In a message dated 10/4/99 7:16:42 PM Pacific Daylight Time, email@example.com writes:
> At 09:46 AM 4/10/99 -0400, Robin wrote in reply to Greg's:
> >>Same here. If I have to go down for the cold sleep, I don't expect to be
> >>initially reanimated as a meat machine.
> >I think uploads will really miss meat bodies for a long while.
> One of the major problems we face in conveying our apparently outrageous
> ideas is a simple matter of tact versus self-preening shock value in the
> terms we coin and use.
> I'd like to suggest that people stop using the term `meat' about human
> I know there's a tradition behind this usage. I realise it's partially
> meant to wean us off our enculturated regard for the contingent fact that
> minds are currently instantiated in flesh rather than on other substrates.
> But it's an unnecessarily offensive term, when you stop and look at it for
> a moment.
well... i guess im not quite sure about the unnecassary part. ive found that, by using words similar to 'meat' on a regular basis, im able to get people do a mild doubletake, and from there, im able to get into very positive conversations with them. i think this is functionally similar to ayn rand's use of the word 'selfish'.
> `Meat' is dead flesh intended for eating.
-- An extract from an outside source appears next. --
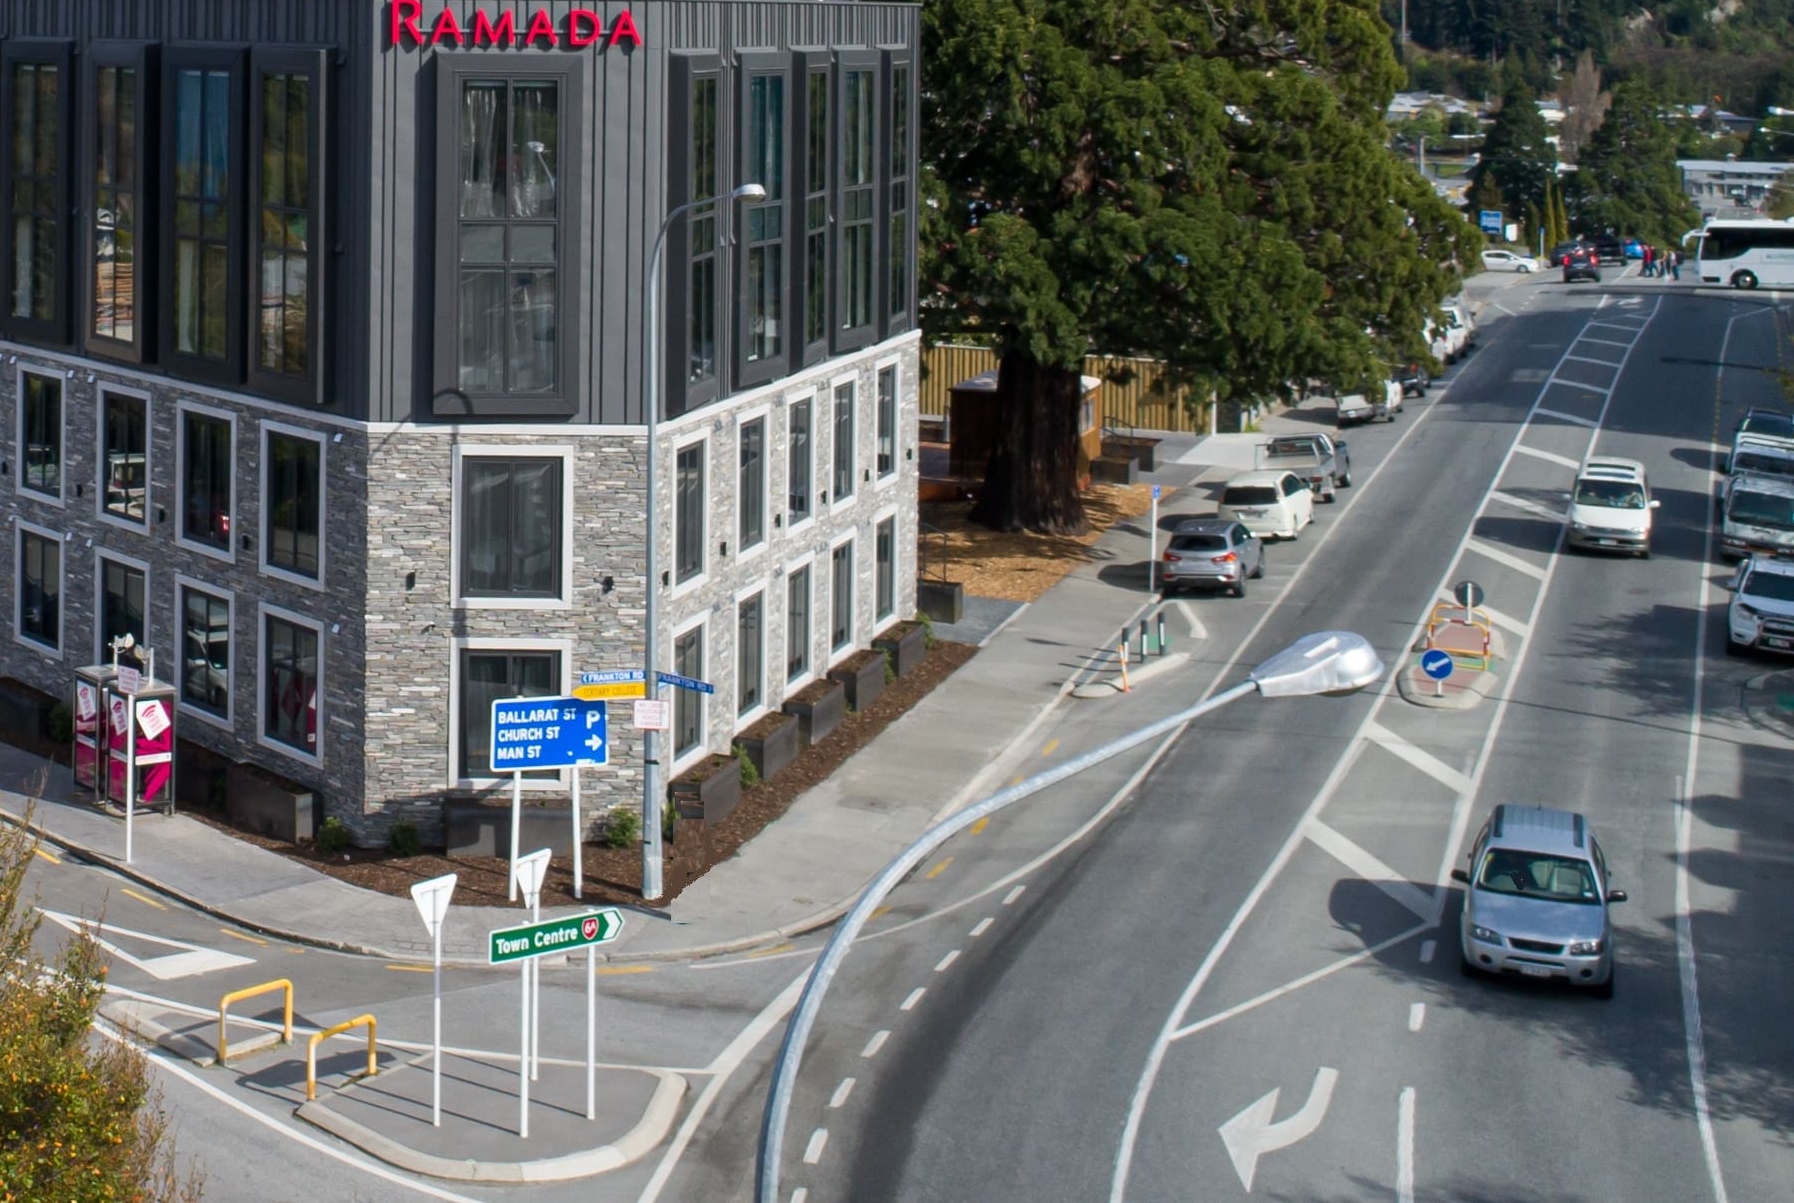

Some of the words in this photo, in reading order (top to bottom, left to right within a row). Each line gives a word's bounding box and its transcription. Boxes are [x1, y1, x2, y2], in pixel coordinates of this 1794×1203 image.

Few of us eat human remains.
lol... well, ya know, every once in a while i chew my fingernails, but i have yet to resort to anything even close to being along the lines of soylent green, although i dont quite understand the common revulsion to the idea. if, eris forbid, something terribly damaging happens to this bioshell, and it no longer serves to weave my consciousness, i have given several close friends permission to grok the fullness of my existance, if they could get away with it ;)
<meaningless side note>
it is my understanding that my dad ate take-out chinese [sorry, had to say it] during the (near the end of the) korean war. i guess he was stuck down under the pusan peremeter, and had ammo, but no food. macarthur hadnt landed yet, ya see. well, so my old man had ammo and no food, while the chinese had no ammo, and no food, and ya do whatcha gotta do, i suppose... i guess ya wanna keep em alive as long as you can; keeps the meat from being damaged by the cold. ::shrug:: whats done is done. but has this hit the press at all? ive never really heard about it, other then via my dad, and one of his old war buddies (assisted by liberal applications of bad-tasting alchohol)...
</meaningless side note>
> Most people are revolted by the idea. Conflating healthy, alert living
> with slabs of stuff at the butcher's counter is... well, it's
i dunno. id go so far as to say that shock value is a good thing. i want people to think twice about some of the things i say. which would we rather have: passing attention, or notoriety? ::strikes cheesy austin powers pose:: ARE WE NOT REVOLUTIONARIES, MAN!? hehe...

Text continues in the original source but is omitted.